ABOUT THIS EXERCISE: Your response should be the complete listing, copied exactly.

DATA PROVIDED:
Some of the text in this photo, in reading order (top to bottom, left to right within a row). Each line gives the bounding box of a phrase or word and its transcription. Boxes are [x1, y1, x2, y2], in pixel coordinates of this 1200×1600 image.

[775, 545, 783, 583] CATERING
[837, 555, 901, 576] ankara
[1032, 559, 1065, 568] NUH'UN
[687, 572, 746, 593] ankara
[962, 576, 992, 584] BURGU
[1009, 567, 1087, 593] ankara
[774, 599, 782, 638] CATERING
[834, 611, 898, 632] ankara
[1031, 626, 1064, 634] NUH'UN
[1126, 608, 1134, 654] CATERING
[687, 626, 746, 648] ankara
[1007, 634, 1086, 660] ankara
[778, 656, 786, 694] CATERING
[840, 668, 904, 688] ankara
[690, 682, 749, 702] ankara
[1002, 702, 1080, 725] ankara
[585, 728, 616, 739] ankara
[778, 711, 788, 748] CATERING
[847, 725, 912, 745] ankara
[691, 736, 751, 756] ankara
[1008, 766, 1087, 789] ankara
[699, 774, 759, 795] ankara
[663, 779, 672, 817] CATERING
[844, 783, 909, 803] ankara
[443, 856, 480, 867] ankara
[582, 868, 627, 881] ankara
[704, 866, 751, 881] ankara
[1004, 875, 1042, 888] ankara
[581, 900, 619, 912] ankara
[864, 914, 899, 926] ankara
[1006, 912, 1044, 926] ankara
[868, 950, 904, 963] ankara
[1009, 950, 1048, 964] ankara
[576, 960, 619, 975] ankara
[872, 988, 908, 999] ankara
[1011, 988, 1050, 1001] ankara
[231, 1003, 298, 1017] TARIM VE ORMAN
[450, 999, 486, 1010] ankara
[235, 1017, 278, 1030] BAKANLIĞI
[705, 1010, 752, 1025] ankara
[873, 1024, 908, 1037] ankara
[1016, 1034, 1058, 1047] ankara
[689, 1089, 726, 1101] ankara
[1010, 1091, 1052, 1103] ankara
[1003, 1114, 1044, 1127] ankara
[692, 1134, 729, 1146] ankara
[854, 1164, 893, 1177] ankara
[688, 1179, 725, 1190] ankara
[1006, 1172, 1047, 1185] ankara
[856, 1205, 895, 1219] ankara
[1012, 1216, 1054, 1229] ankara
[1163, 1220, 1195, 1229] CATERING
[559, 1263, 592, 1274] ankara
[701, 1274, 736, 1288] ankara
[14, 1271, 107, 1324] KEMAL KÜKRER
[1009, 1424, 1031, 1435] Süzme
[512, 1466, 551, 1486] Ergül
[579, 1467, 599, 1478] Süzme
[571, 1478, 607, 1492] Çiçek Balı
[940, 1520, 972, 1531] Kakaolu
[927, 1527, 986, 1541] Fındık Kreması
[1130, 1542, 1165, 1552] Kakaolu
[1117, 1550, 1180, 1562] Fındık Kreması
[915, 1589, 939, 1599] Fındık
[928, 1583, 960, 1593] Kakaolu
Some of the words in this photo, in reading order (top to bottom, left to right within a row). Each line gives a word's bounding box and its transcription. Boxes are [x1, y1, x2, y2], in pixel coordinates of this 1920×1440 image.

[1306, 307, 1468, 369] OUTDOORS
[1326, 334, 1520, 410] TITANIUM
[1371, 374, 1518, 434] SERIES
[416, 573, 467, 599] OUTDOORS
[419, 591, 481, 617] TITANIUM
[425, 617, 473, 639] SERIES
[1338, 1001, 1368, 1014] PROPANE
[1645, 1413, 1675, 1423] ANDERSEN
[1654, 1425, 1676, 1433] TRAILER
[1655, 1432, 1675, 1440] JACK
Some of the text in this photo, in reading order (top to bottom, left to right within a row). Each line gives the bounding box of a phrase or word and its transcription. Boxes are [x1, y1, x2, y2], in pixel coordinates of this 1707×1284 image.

YOUR RESPONSE:
Some of the text in this photo, in reading order (top to bottom, left to right within a row). Each line gives the bounding box of a phrase or word and its transcription. Boxes are [x1, y1, x2, y2], in pixel coordinates of this 1200×1600 image.

[775, 545, 783, 583] CATERING
[837, 555, 901, 576] ankara
[1032, 559, 1065, 568] NUH'UN
[687, 572, 746, 593] ankara
[962, 576, 992, 584] BURGU
[1009, 567, 1087, 593] ankara
[774, 599, 782, 638] CATERING
[834, 611, 898, 632] ankara
[1031, 626, 1064, 634] NUH'UN
[1126, 608, 1134, 654] CATERING
[687, 626, 746, 648] ankara
[1007, 634, 1086, 660] ankara
[778, 656, 786, 694] CATERING
[840, 668, 904, 688] ankara
[690, 682, 749, 702] ankara
[1002, 702, 1080, 725] ankara
[585, 728, 616, 739] ankara
[778, 711, 788, 748] CATERING
[847, 725, 912, 745] ankara
[691, 736, 751, 756] ankara
[1008, 766, 1087, 789] ankara
[699, 774, 759, 795] ankara
[663, 779, 672, 817] CATERING
[844, 783, 909, 803] ankara
[443, 856, 480, 867] ankara
[582, 868, 627, 881] ankara
[704, 866, 751, 881] ankara
[1004, 875, 1042, 888] ankara
[581, 900, 619, 912] ankara
[864, 914, 899, 926] ankara
[1006, 912, 1044, 926] ankara
[868, 950, 904, 963] ankara
[1009, 950, 1048, 964] ankara
[576, 960, 619, 975] ankara
[872, 988, 908, 999] ankara
[1011, 988, 1050, 1001] ankara
[231, 1003, 298, 1017] TARIM VE ORMAN
[450, 999, 486, 1010] ankara
[235, 1017, 278, 1030] BAKANLIĞI
[705, 1010, 752, 1025] ankara
[873, 1024, 908, 1037] ankara
[1016, 1034, 1058, 1047] ankara
[689, 1089, 726, 1101] ankara
[1010, 1091, 1052, 1103] ankara
[1003, 1114, 1044, 1127] ankara
[692, 1134, 729, 1146] ankara
[854, 1164, 893, 1177] ankara
[688, 1179, 725, 1190] ankara
[1006, 1172, 1047, 1185] ankara
[856, 1205, 895, 1219] ankara
[1012, 1216, 1054, 1229] ankara
[1163, 1220, 1195, 1229] CATERING
[559, 1263, 592, 1274] ankara
[701, 1274, 736, 1288] ankara
[14, 1271, 107, 1324] KEMAL KÜKRER
[1009, 1424, 1031, 1435] Süzme
[512, 1466, 551, 1486] Ergül
[579, 1467, 599, 1478] Süzme
[571, 1478, 607, 1492] Çiçek Balı
[940, 1520, 972, 1531] Kakaolu
[927, 1527, 986, 1541] Fındık Kreması
[1130, 1542, 1165, 1552] Kakaolu
[1117, 1550, 1180, 1562] Fındık Kreması
[915, 1589, 939, 1599] Fındık
[928, 1583, 960, 1593] Kakaolu
Some of the words in this photo, in reading order (top to bottom, left to right within a row). Each line gives a word's bounding box and its transcription. Boxes are [x1, y1, x2, y2], in pixel coordinates of this 1920×1440 image.

[1306, 307, 1468, 369] OUTDOORS
[1326, 334, 1520, 410] TITANIUM
[1371, 374, 1518, 434] SERIES
[416, 573, 467, 599] OUTDOORS
[419, 591, 481, 617] TITANIUM
[425, 617, 473, 639] SERIES
[1338, 1001, 1368, 1014] PROPANE
[1645, 1413, 1675, 1423] ANDERSEN
[1654, 1425, 1676, 1433] TRAILER
[1655, 1432, 1675, 1440] JACK
Some of the text in this photo, in reading order (top to bottom, left to right within a row). Each line gives the bounding box of a phrase or word and its transcription. Boxes are [x1, y1, x2, y2], in pixel coordinates of this 1707×1284 image.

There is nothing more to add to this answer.